Intro AI for Java Dev

Intro¶

This is my overview of the AI universum.

Courses¶

Helpful comprehensive courses

Tutorials¶

How to execute models¶

The tools in the table (Llama.cpp, TensorFlow Lite, etc.) are the engines. They're what actually perform the LLM computations.

Tools Suitable for Local Experiments on Desktop Machines¶

Tool	Description	Key Features	OS Support	LLM Format Support	Comparison Criteria
LM Studio	GUI-based tool for running and fine-tuning language models.	- Intuitive interface - Supports multiple models	Windows, macOS, Linux (likely via Wine/similar)	GGML, GPTQ, and others (check specific model support)	- Hardware compatibility: Good (depends on the model) - Ease of use: High (user-friendly interface) - Model support: Wide range, check compatibility - Performance: Good - Customization: Moderate
Ollama	Platform offering pre-packaged LLMs ready to run locally.	- Minimal setup required - Out-of-the-box solutions	macOS (native), Linux (Docker), Windows (WSL)	Varies by model; often GGML or similar quantizations	- Hardware compatibility: Good (depends on the model) - Ease of use: High (very easy setup) - Model support: Pre-packaged LLMs - Performance: Good - Customization: Limited
LocalAI	Tool for running various LLMs locally.	- Broad compatibility and support - Strong community	Linux, macOS, Windows (Docker-based)	GGML, GPTQ, and others (check specific model support)	- Hardware compatibility: Good (depends on the model) - Ease of use: Moderate - Model support: Wide range of models - Performance: Good - Customization: Moderate

Tools Potentially Suitable for Resource-Constrained/Edge Deployments¶

Tool	Description	Key Features	OS Support	LLM Format Support	Comparison Criteria
Llama.cpp	Open-source tool for running Llama-based models efficiently on local hardware.	- Works on GPUs and CPUs - Lightweight and resource-friendly	Linux, macOS, Windows	GGML (GGML quantizations), potentially others via conversion	- Hardware compatibility: Excellent (GPUs and CPUs) - Ease of use: Moderate (requires some technical knowledge) - Model support: Primarily Llama-based, but expanding - Performance: Efficient - Customization: High
GPT4All	Tool for running GPT models locally.	- Pre-trained GPT models - Efficient on standard hardware (even CPUs)	Windows, macOS, Linux	GPT4All format, often based on GGML	- Hardware compatibility: Excellent (CPUs and GPUs) - Ease of use: Moderate - Model support: GPT models - Performance: Good - Customization: Moderate
TensorFlow Lite (now LiteRT)	TensorFlow's framework for deploying models on mobile, embedded, and IoT devices.	- Model optimization and quantization - Supports various hardware accelerators - Designed for low latency inference	Android, iOS, Linux, macOS, Windows (and other embedded OSes)	TensorFlow Lite (.tflite)	- Hardware compatibility: Excellent (mobile, embedded, and desktop) - Ease of use: Moderate (requires TensorFlow knowledge) - Model support: TensorFlow models (converted to .tflite) - Performance: Highly optimized - Customization: High

Formats of models¶

Format Name	File Extensions(s)	Description	Strengths	Common Use Cases
ONNX (Open Neural Network Exchange)	`.onnx`	Designed for interoperability between frameworks.

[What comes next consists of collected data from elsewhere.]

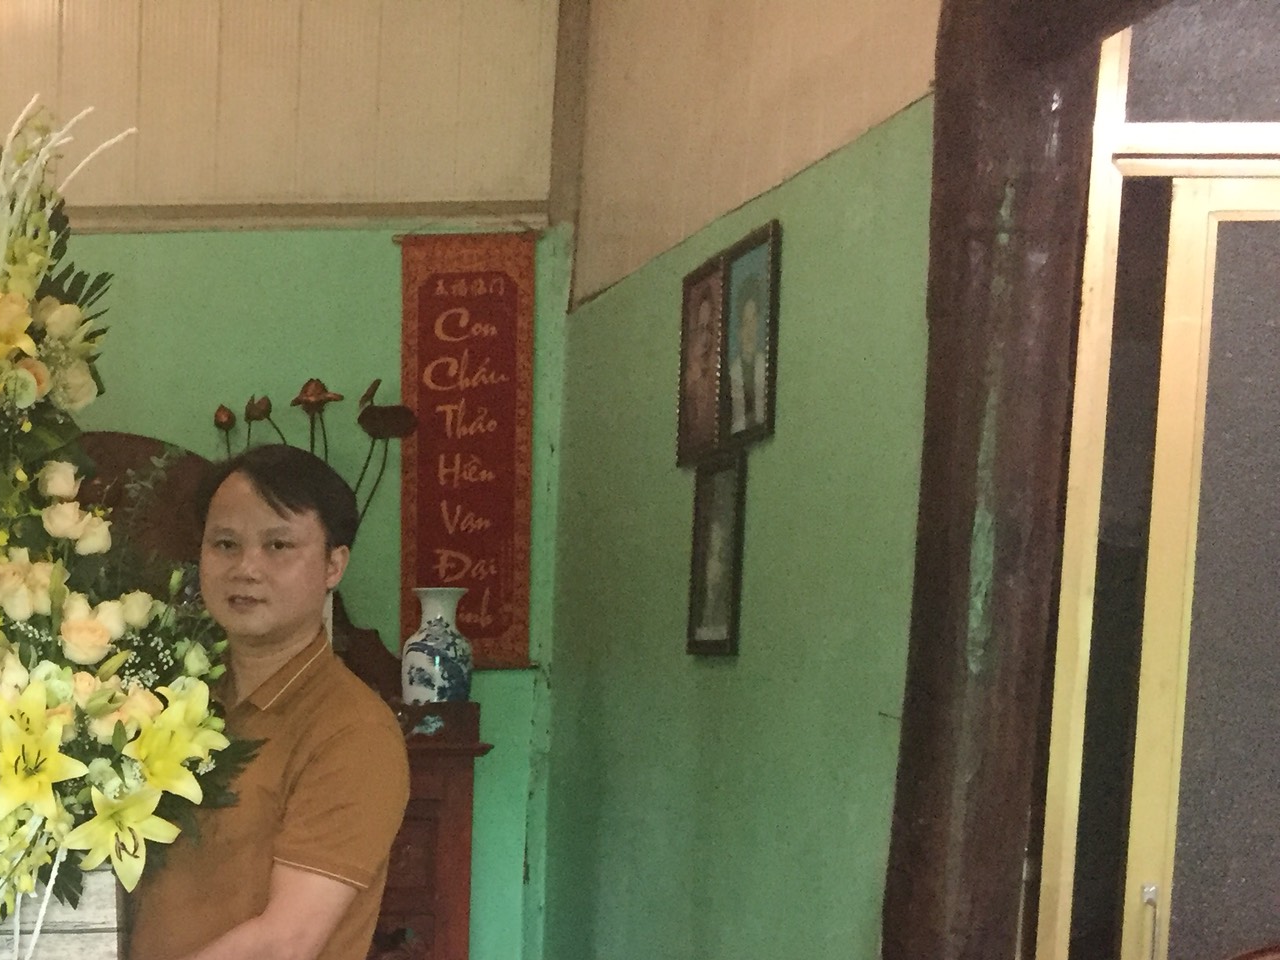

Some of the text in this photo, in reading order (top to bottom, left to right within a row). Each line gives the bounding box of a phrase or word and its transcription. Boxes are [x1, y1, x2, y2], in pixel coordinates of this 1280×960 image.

[434, 306, 498, 342] Con
[423, 348, 511, 391] Cháu
[436, 397, 498, 439] Thảo
[438, 453, 496, 488] Hiền
[433, 549, 498, 583] Đại
[458, 587, 492, 628] inh

Stores model structure and weights.	Portability, framework-agnostic	Model exchange, deployment across platforms
TensorFlow SavedModel	(Directory)	TensorFlow's native format. Includes weights, architecture, and metadata.	Comprehensive, well-integrated with TensorFlow ecosystem	TensorFlow Serving, deployment
TensorFlow Lite	`.tflite`	Optimized for mobile, embedded, and IoT devices. Supports quantization.	Efficiency on resource-constrained devices, quantization support	Mobile apps, embedded systems, IoT devices
Keras	`.keras` (preferred), `.h5` (legacy)	While Keras is an API, it has its own saving conventions. `.keras` is the newer, more comprehensive format.	Simplicity, integration with Keras API	Model saving and loading in Keras workflows
TorchScript	`.pt`, `.pth` (used within), `.ts`	PyTorch's format for serializing models. `.ts` is the TorchScript format.	Deployment, especially in production environments, C++ inference	Production PyTorch deployments, mobile (via LibTorch)
safetensors	`.safetensors`	A safe and efficient way to store and transfer tensors, particularly weights.	Security (avoids pickle risks), efficiency	Sharing and deploying LLMs, general model storage

Specialized models¶

Category	Specialized Model Example	Description	Key Focus
Computer Vision	Bird Species Identification Model	Classifies images of birds into specific species.	Accuracy on bird species classification
	Facial Expression Recognition Model	Detects and classifies human facial expressions (e.g., happy, sad, angry).	Accuracy on emotion recognition
	Defect Detection in Manufacturing	Identifies flaws or imperfections in products on a production line.	Speed and accuracy of defect detection
Natural Language Processing	Sentiment Analysis for Customer Reviews	Determines the sentiment (positive, negative, neutral) expressed in customer reviews.	Accuracy on sentiment classification
	Medical Text Summarization	Generates concise summaries of medical reports or research papers.	Accuracy and relevance of summaries
	Chatbot for a Specific Product or Service	Answers customer questions related to a particular product or service.	Accuracy and helpfulness of responses
Audio/Speech	Speech Recognition for a Specific Language/Dialect	Transcribes spoken language in a particular language or dialect.	Accuracy on specific language/dialect recognition
	Music Genre Classification	Classifies music tracks into different genres.	Accuracy of genre classification
Healthcare	Disease Detection in Medical Images	Detects specific diseases or conditions (e.g., cancer) in medical images (X-rays, MRIs).	Accuracy and sensitivity of disease detection
	Drug Discovery Model for a Specific Target	Predicts the effectiveness of drug candidates against a specific biological target.	Accuracy of target prediction
Finance	Fraud Detection Model for Credit Card Transactions	Identifies potentially fraudulent credit card transactions.	Accuracy and speed of fraud detection
	Risk Assessment Model for Loan Applications	Assesses the creditworthiness of loan applicants.	Accuracy of risk prediction
Manufacturing	Predictive Maintenance Model for Industrial Equipment	Predicts when specific pieces of equipment will require maintenance.	Accuracy of maintenance prediction
	Quality Control Model for Product Manufacturing	Identifies defects or variations in manufactured products.	Accuracy and speed of quality control

The Hardware¶

For Tensorflow¶

A USB accessory that brings accelerated ML inferencing to existing systems. Works with Linux, Mac, and Windows systems.

https://coral.ai/products/accelerator/

TensorFlow Lite focus: The Coral Edge TPU, the chip inside the USB Accelerator, is primarily designed to accelerate TensorFlow Lite models.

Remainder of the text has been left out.